@twitt1949
I was 63, heading to 64. The first 100 days were not bad for me. It has now been 2 years, and i have had few issues

Mornin’ @twitt1949 I’m still mystified that your doctor has told you there are no medications for MDS besides a bone marrow transplant.
While a bone marrow transplant offers the only potential cure, there are treatments for MDS patients which may help control or slow the progression of the disease. There are also medications to promote red blood cell growth which may help with anemia. If platelets or red blood counts get low, there are also transfusions to make up the deficits.

To help with that blood circulation in your legs, I mentioned a while ago about elevating them a couple times daily. Making sure your legs are actually above your heart. It is really helpful to lie on a sofa and then swing the legs up onto the back of the sofa while you’re resting. Just takes 15-20 minutes. Good time to nap or read a book.

You have an upcoming appointment with your hematologist/oncologist in a couple of weeks.

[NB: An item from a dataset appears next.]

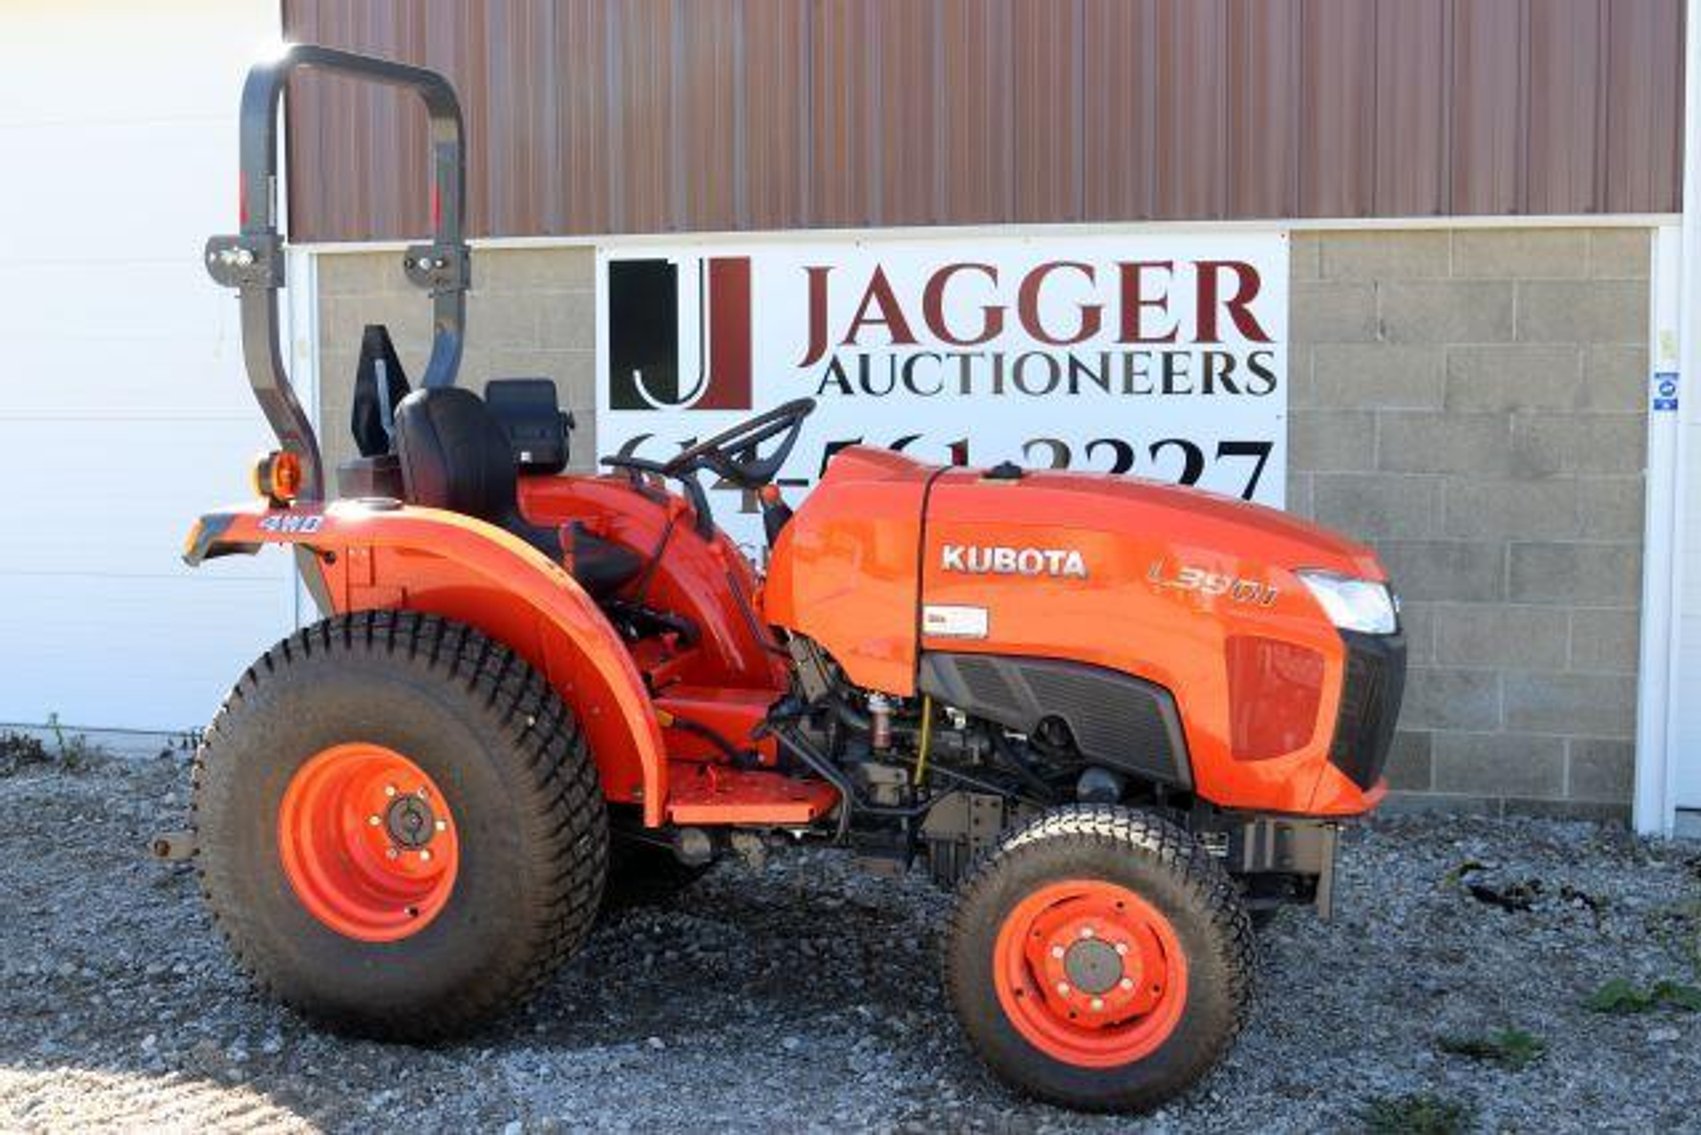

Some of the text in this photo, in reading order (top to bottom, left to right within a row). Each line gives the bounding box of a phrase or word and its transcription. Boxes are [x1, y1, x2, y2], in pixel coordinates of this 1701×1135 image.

[798, 258, 1277, 369] JAGGER
[816, 351, 1277, 397] AUCTIONEERS
[941, 544, 1088, 580] KUBOTA
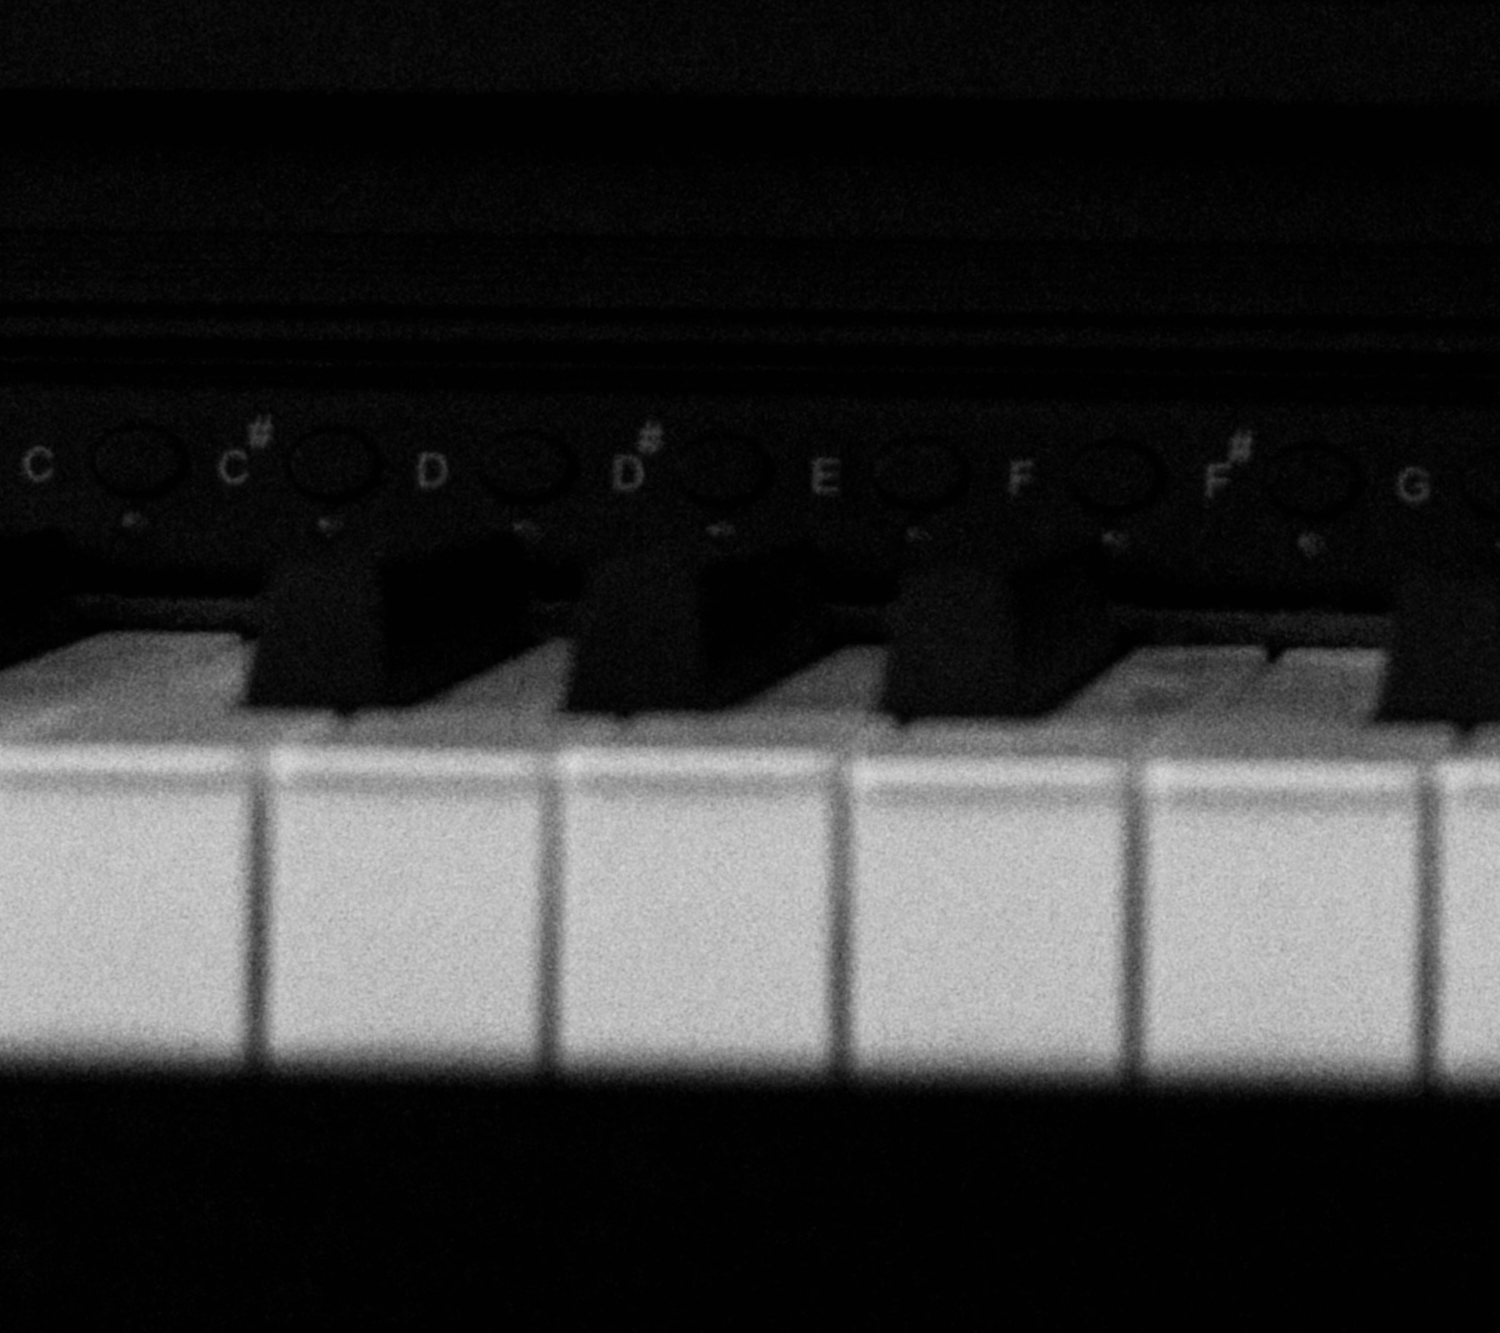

Doctors want to know things such as:
Have your symptoms changes since our last visit?
Have your symptoms been continuous or occasional?
How severe are your symptoms?
What, if anything, seems to improve your symptoms?
What, if anything, appears to worsen your symptoms?

So think about answers to those questions. From what you’ve shared here, you’ve noticed a few changes since your last meeting with your doctor.

Have your list of questions ready to go. I think you have a few things to discuss. Some suggestions from the Mayo website:
What type of MDS do I have?
Will I need more tests? What is my prognosis?
What is my risk of leukemia?
If I need treatment, what are my options and what do you recommend?
I have other health conditions. How can I best manage them together?
Are there restrictions I need to follow?

Just tossing those ideas out there for you. When is your appointment?